Here's the dicey part. There is no "Minnesota Matron." She's a third-person construct. Non-existing. And then there's me (hi! This is Mary talking!).

Generally, the Matron -- who is far more imperious (and confident) than her real life counterpart---manages to juggle the delicacies of creative nonfiction. For her, creative nonfiction means when necessary, she takes the truth and readjusts it for the sake of the story.

But yesterday she forgot that friendship--and the real life feelings of people she cares for--trumps the sake of the story.

She's grateful that the friend is smarter and more generous of spirit than she is and forgives her (but not without a well-earned upbraiding!). Although this was far less dramatic than getting dooced, the Matron prefers not to experience such discomfort again.

And, to make the day entirely humbling, The Children's Theater called to say that her daughter is not Madeline material.

Rats. The Matron needs strangers to deconstruct. Because she is going to treat her friends better.

Monday, May 19, 2008

My Dream Of You

This is the title of one of the Matron's all time favorite books. You will weep and roar.

The jaw-dropping life-inspiring woman who wrote this book (an older, unlikely, unfit and unhappy woman) Nuala O'Faolain died this week. She gave a heart-stopping interview few weeks ago, a radio interview in which she wept and ranted about her fate-- cancer, a few weeks, certain death.

She said this:

"WelI I am sick, but I am trying to say goodbye. So much has happened and it seems such a waste of creation that with each death all that knowledge dies.

I think there's a wonderful rule of life that means that we do not consider our own mortality. I know we seem to, and remember, 'man thou art but dust', but I don't believe we do. I believe there is an absolute difference between knowing that you are likely to die, let's say within the next year, and not knowing when you are going to die -- an absolute difference."

Carol Shields, another of the Matron's favorite writers, died of cancer in 2003. The Matron remembers a shattering interview, in which the terminal Shields laughed about how she initially took comfort in her Pulitzer Prize. This, she thought, would grant her some degree of immortality, cheat death.

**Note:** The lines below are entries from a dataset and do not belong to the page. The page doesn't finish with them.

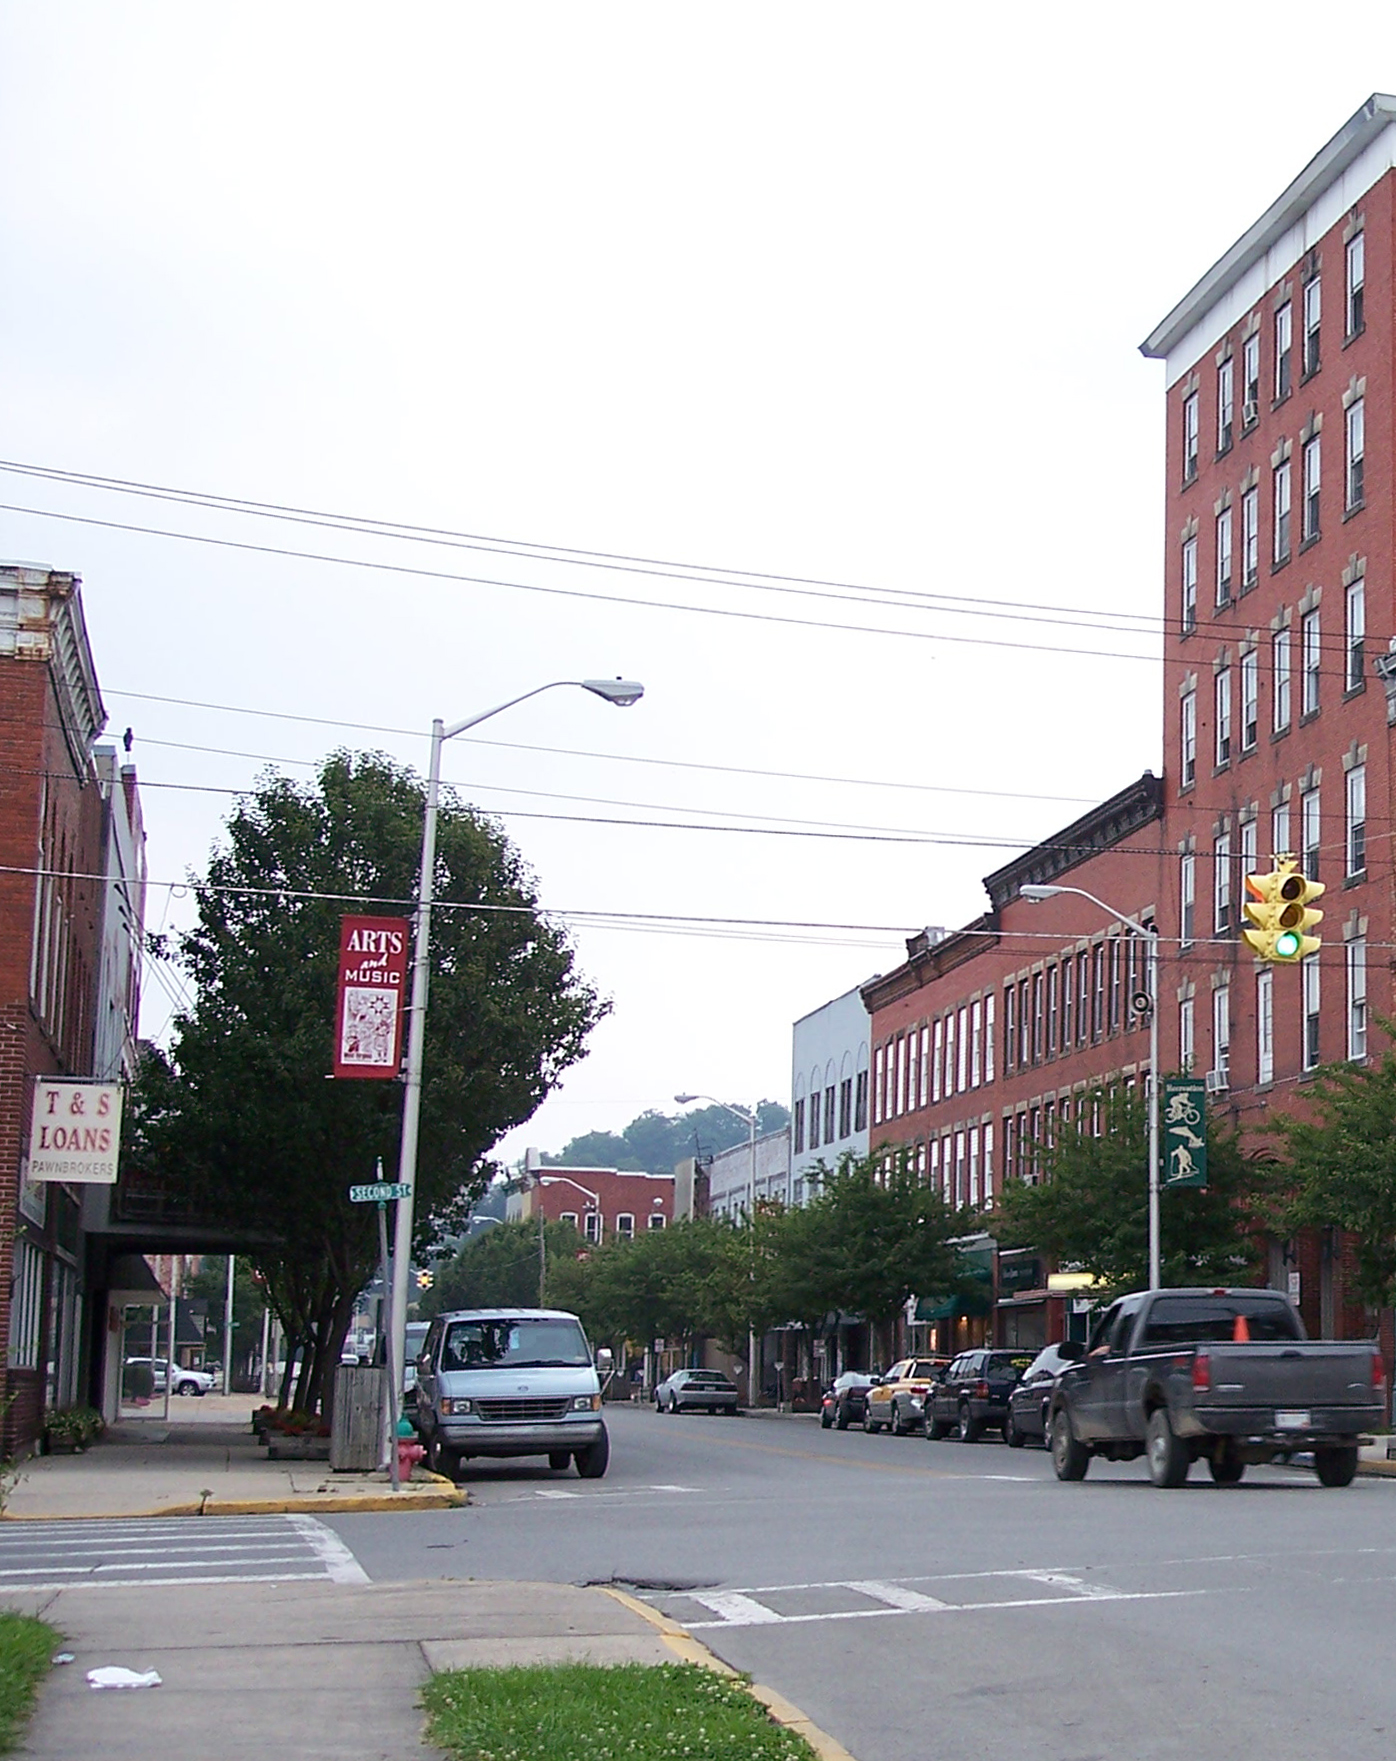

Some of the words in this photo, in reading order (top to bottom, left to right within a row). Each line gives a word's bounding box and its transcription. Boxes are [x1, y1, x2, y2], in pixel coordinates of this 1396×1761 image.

[347, 929, 403, 954] ARTS
[360, 952, 388, 969] and
[345, 969, 401, 984] MUSIC
[46, 1091, 59, 1114] T
[70, 1091, 85, 1115] &
[97, 1092, 111, 1117] S
[39, 1125, 111, 1152] LOANS
[31, 1160, 115, 1176] PAWNBROKERS
[355, 1185, 393, 1199] SECOND
[396, 1184, 408, 1198] ST

Then she went through the entire list of Pulitzer Prize winners and realized how very few she knew - how anonymous, how spent, how sand-like even the 'famous' were. She barely knew any of them. They were dust to her.

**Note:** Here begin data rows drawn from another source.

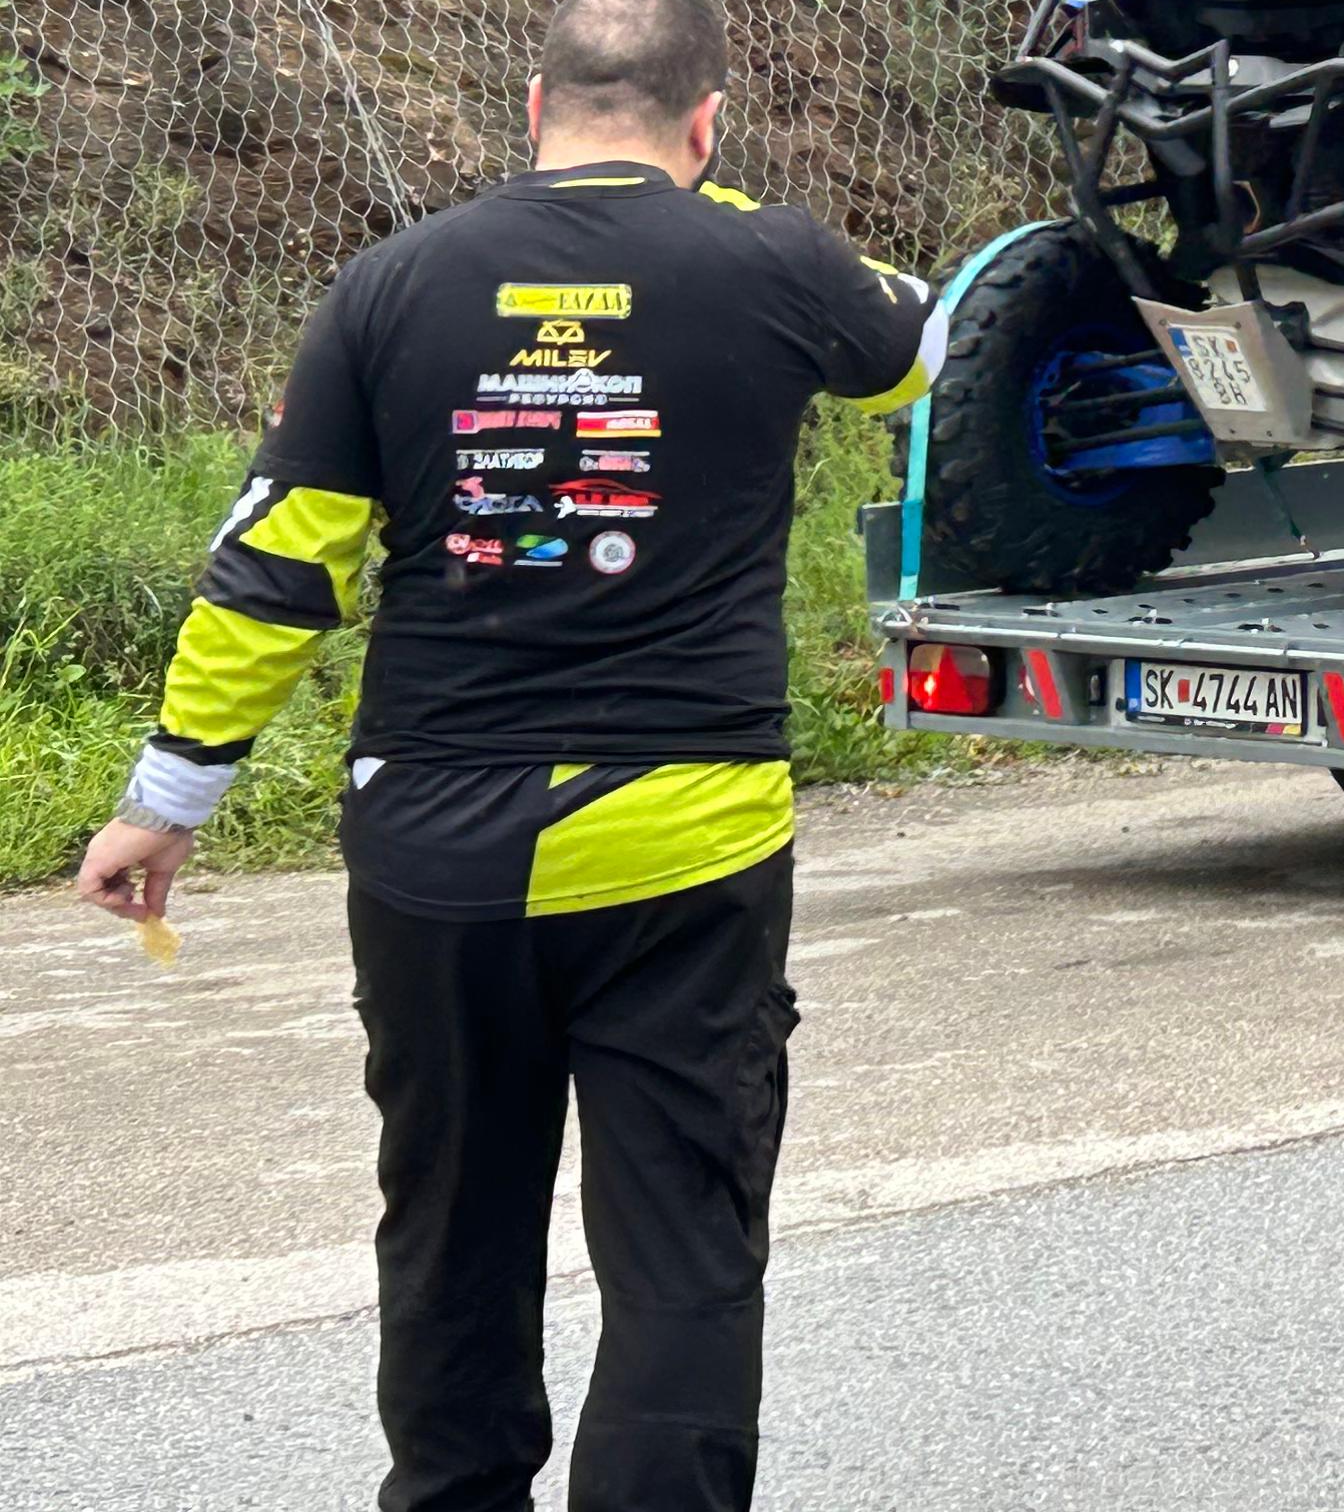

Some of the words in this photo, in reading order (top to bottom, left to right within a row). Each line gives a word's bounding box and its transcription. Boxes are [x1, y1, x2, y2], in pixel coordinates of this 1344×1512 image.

[1192, 335, 1221, 358] SK
[509, 349, 612, 368] MILEV
[1145, 669, 1175, 710] SK
[1192, 672, 1259, 717] 4744
[1265, 677, 1298, 719] AN

Read the transcript of O'Faolain's interview. Read her books, Are You Somebody and My Dream of You. Really. The Matron is smart that way -- you will be forever changed.

And when you're tempted to watch Lost instead of working on the novel, the poems, the art, remember this haunting line from a New York Times book review. The writer was reviewing the singular, slight volume of poetry a writer produced before she died of cancer at age 40 --a blazing talent with barely any work to her name.

So here are the lines the Matron tries to remember each morning:

"What will you do with your one wild and precious life?" Mary Oliver.

"Skip the party and write the poems" Can't remember from the Times Book Review.

My Dream of You is a perfect title. The dream's the ticket.

Sunday, May 18, 2008

The Post Wherein Two Key Questions Are Answered


This would be the same counter, a few days later.


The kitchen counter, again. Notice the recurring theme?


A few more days pass. Peek behind that coffee pot!


And time continues to tick on.


That vase? The Matron thinks it has been sitting on the kitchen counter since approximately April 28th. That vase is steadfast! Enduring! Reassuring, almost. The Matron is 100% confident in its continued existence in just that very space. In a world of change and dangerous weather, a woman can take comfort in that kind of consistency. And yes, this vase confirms the Matron's understanding that she--and she alone-- has the magical power to move objects from where someone sets them down, to where they belong.


The two key questions: When will that vase suddenly be mysteriously transported to its place in the cupboard?

Is her husband still reading her blog?